I am forging a viking sword, and have now begun to polish the sword.

As I was doing this, I asked myself how shiny these swords really were.
I can't imagine that they where polished to mirror finish...

Any reflections on this would be appreciated.

JT Holth
Polish level may be the least surviving attribute of any historical sword, either as a find or as a preserved artifact. We can say however that swords made in that time had hilts that were quite ornately treated, as compared perhaps with other periods. However, while the maker of the furniture was most likely not the forger of the blade, he might well have been the polisher of the blade. Its all speculative, but in my mind that could indicate that the Viking era swords may have also been quite shiny.
I have a book on the shelf some where that describes the blades from a norse epic of being able to see one self in the blade.

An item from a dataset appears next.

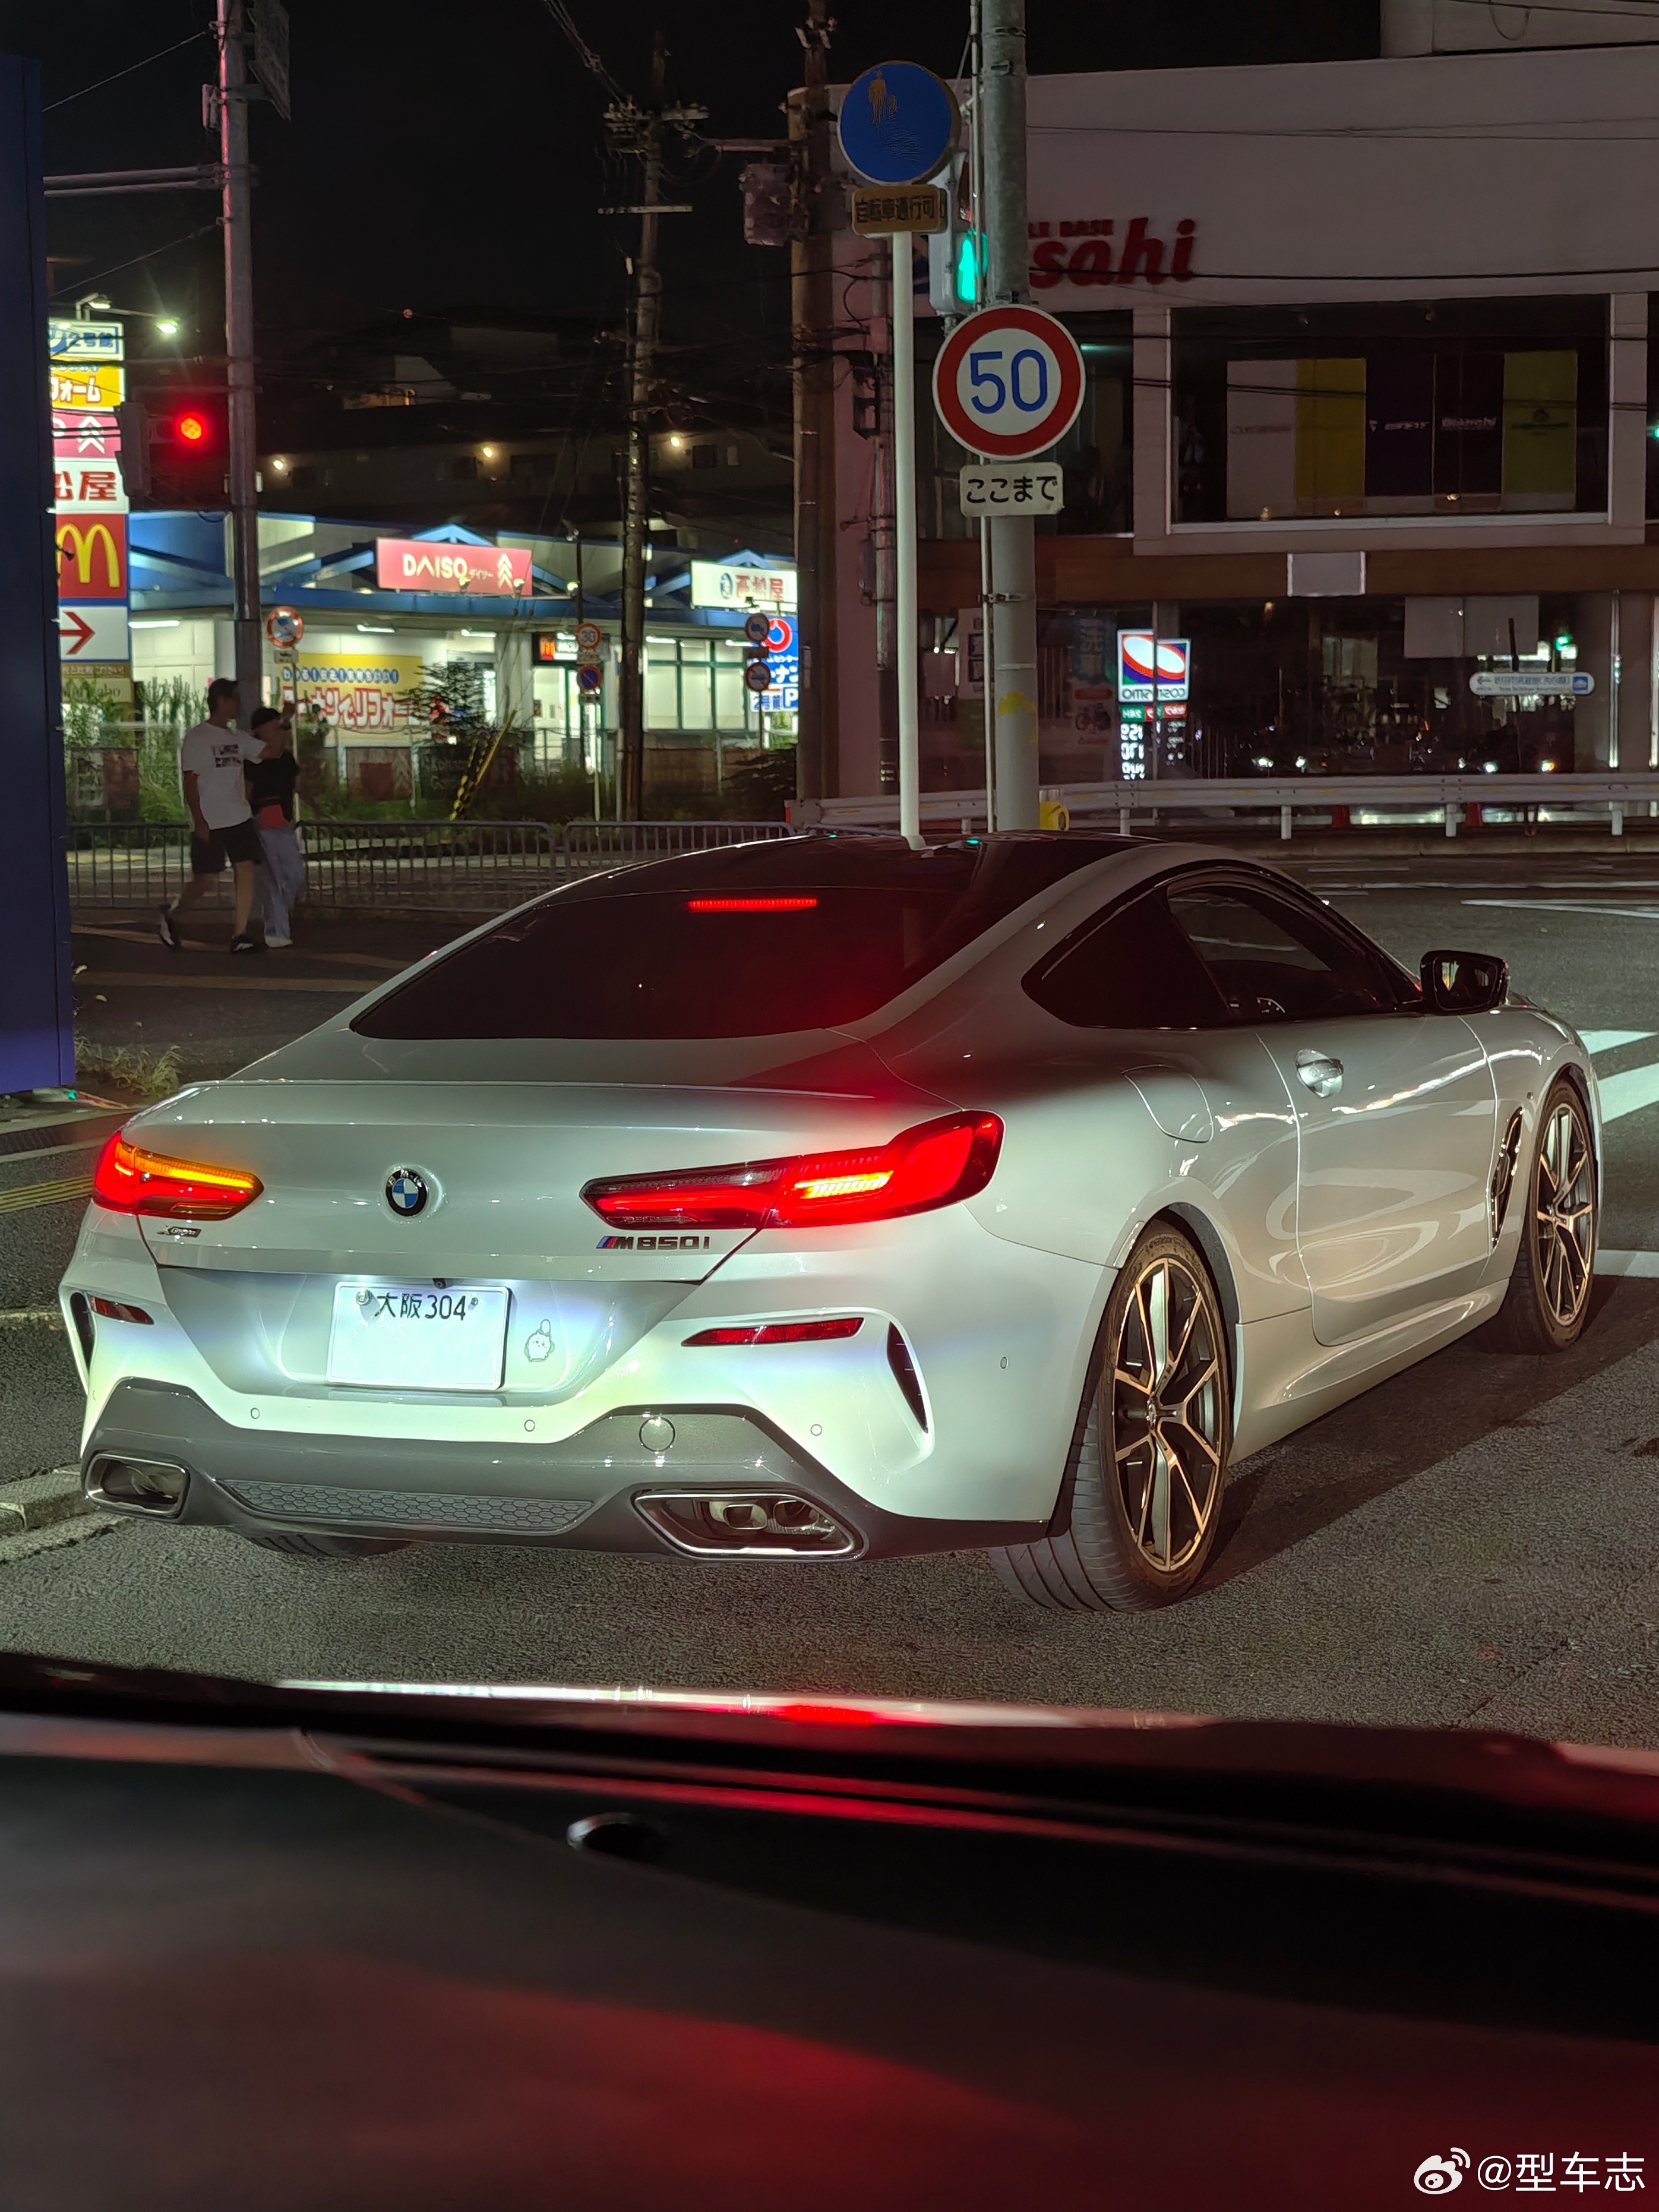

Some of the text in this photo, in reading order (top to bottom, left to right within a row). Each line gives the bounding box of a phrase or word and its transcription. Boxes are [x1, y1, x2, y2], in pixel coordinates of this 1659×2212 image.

[1029, 217, 1195, 289] sahi
[969, 349, 1048, 415] 50
[966, 476, 1058, 504] ここまで
[403, 554, 468, 580] DAISO

I think that is believable because constant cleaning in that environment would polish out a blade and a polished blade is less likely to rust
It all depends on what type of sword you're making. Some would have been more or less simple functional tools and others were made pretty, some excessively so.

A sword that was pattern welded would likely have been at least fairly well polished and then etched to show it as it had a mystic or even religious appeal to a prospective Scandinavian customer.

A sword that was just a hammered lump of iron would likely not have or need much finish. Iron swords like that are mentioned in the Kormac Saga. It's just a budget sword with no frills and it'll probably bend and may dull quickly in combat.
A step up from that would be a seax with a shorter and thicker blade to make it less deformation friendly and a welded-in high carbon steel edge able to take a temper and keep a keen edge. Most of these would have been functionality oriented rather than made pretty, but we can see finds of some exceptions and some of these are quite the works of art.

A differentially heat treated monosteel Frankish blade of superior quality would likely have the work put into it to show off the fine grain homogenous steel that made them the best blades of the time. A sword like this would have had the most likelyhood of being a mirror finish sword or close to it IMO.

I think we have room for all types in collectors hearts nowdays. There is a certain appeal to a purely functional blade, even those left rough from the forge and most sword enthusiats also want at least one with some bling. ;)

In modern day target cutting I notice a cleaner, less resistive cut though tatami mats with a well polished blade than a coarse one. The difference is certainly lesser than that of a well honed razor sharp edge vs just a decent one though, but I still notice it. However, it may only apply to fibre mat cutting and not flesh and bone and I don't notice it any when cutting plastic bottles.